Ahem. The Ringed Castle. It had Dr. Dee in it, and it didn't end at all conclusively, and this is exactly what I mean by authors earning things. Dorothy Dunnett has convinced me that she will continue to tell an interesting story, so while I said some words my mom doesn't want to hear from me when I saw Dr. Dee on the page, there was no question that I would keep reading. No question at all. These books, they're very good for days when one is feeling slightly cruddy, because they're just so self-indulgent. A book like that will not get stern with one for lying propped on pillows with a mug of tea. It will not chide one to get up and take notes and think about what one is doing next with one's own work. All that can come later. It will urge one to keep reading, now, maybe one more chapter? Of course one more.

And Philippa. Ohhhhhhhh, love the Philippa.

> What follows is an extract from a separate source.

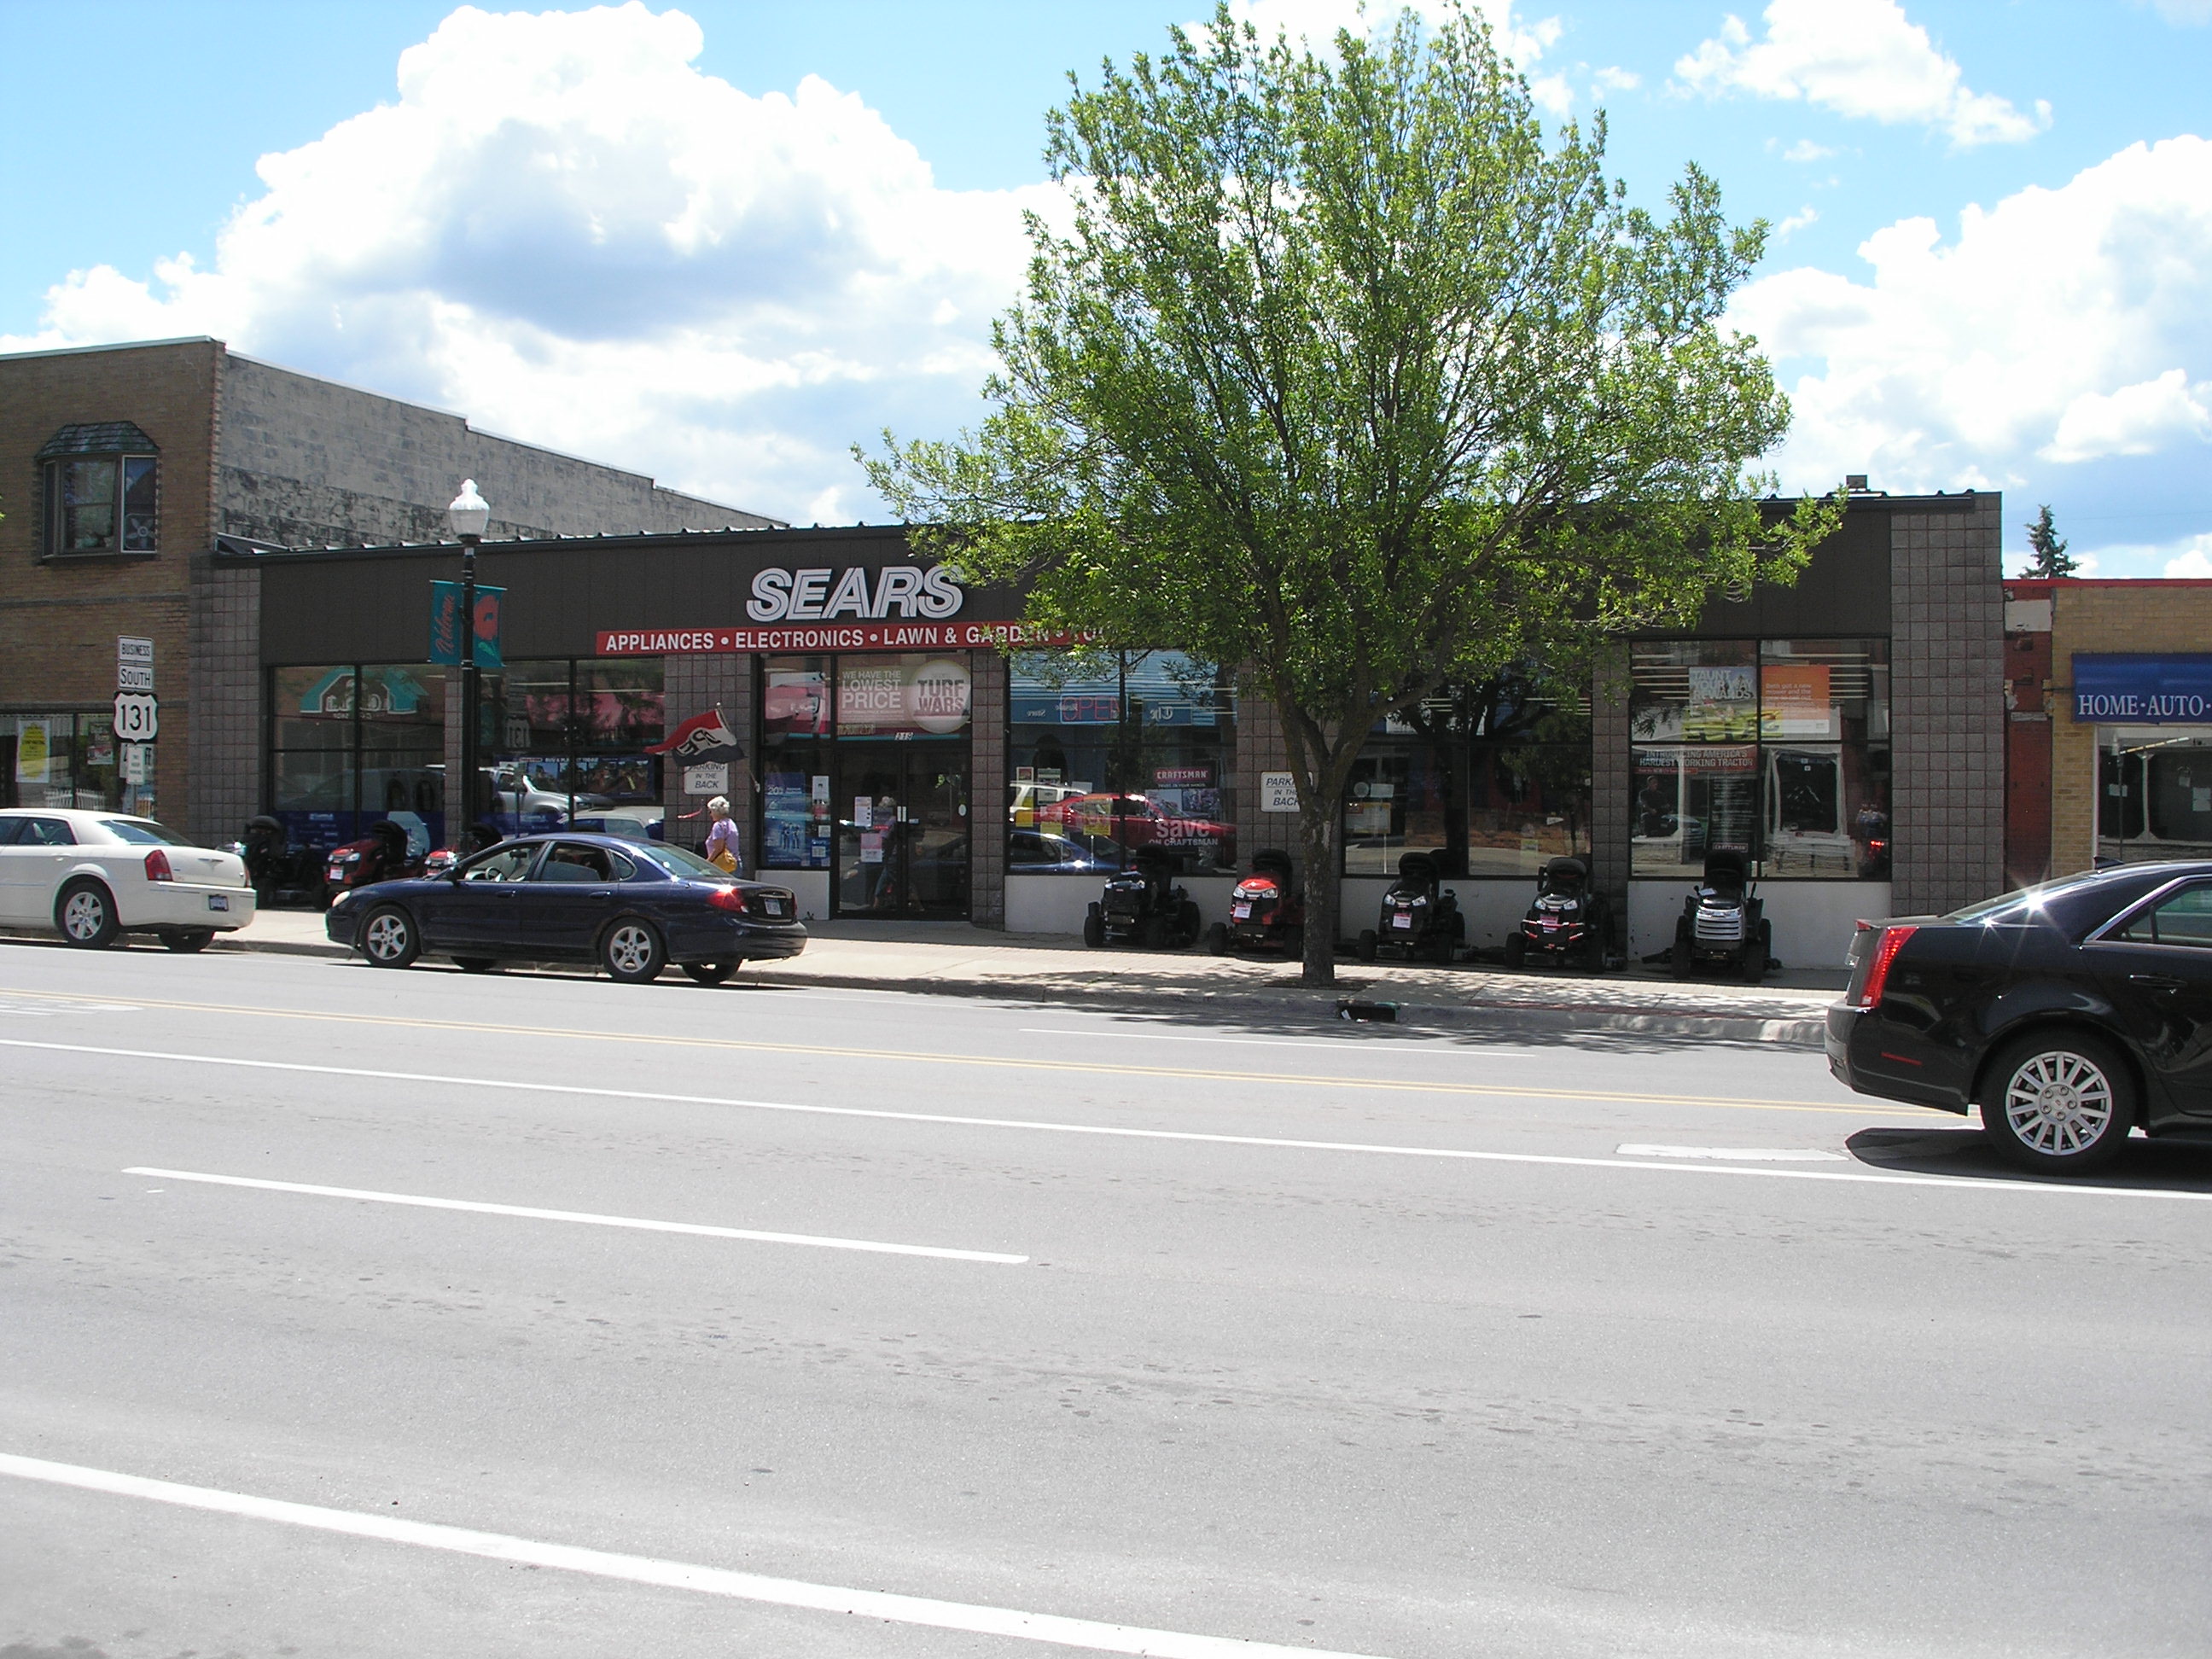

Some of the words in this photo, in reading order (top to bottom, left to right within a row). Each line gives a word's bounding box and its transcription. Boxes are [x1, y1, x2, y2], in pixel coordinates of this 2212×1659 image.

It being not yet 9:00, I suppose I'd better do something with the rest of my evening. Notecards? Yes, probably. Sigh. Maybe some of the easier notecards. The harder ones can wait for later in the week. Except that I'm down to mostly hard ones. Well, fee.
mrissa: (geeky)
1. From talking to various people, especially [livejournal.com profile] yhlee: I always assumed the gods were mortal, because I remember being about 5 years old and certainly no more than 6 when I read the bit of Norse saga that says, "Men die, cattle die, even the gods themselves must someday die." And it stuck with me and warped my brain and here I am before you today.

I also assume that hacking people to bits with axes is an acceptable thing for preschoolers to read about, and to play, because, well, I did, and how else were you to slay sea serpents?

2. Along similar lines and from reading [livejournal.com profile] papersky, I never fussed about whether boys were doing something or girls were doing something in a book and what it meant in my life, because I knew that if I was there, I would be in charge of organizing the interesting bits. That was just...that was just how things were. It was an immense relief to run into other people who could sometimes be The Organizer and still have the activity in question be something of interest, but it was a role I was taking for granted before starting kindergarten. One of my best preschool friends was a little boy. I instructed him in the slaying of sea serpents. So there was no question about boys or girls, because boys didn't know that kind of thing and girls were also pretty much impossible. And grown-ups, too, you just couldn't count on them to know anything of value at all. You had to make do with whoever you could find who knew how to do such things or could take instruction. The world was not long enough on sea-serpent-slayers of either sex that gender really came into it much. Nor age, either.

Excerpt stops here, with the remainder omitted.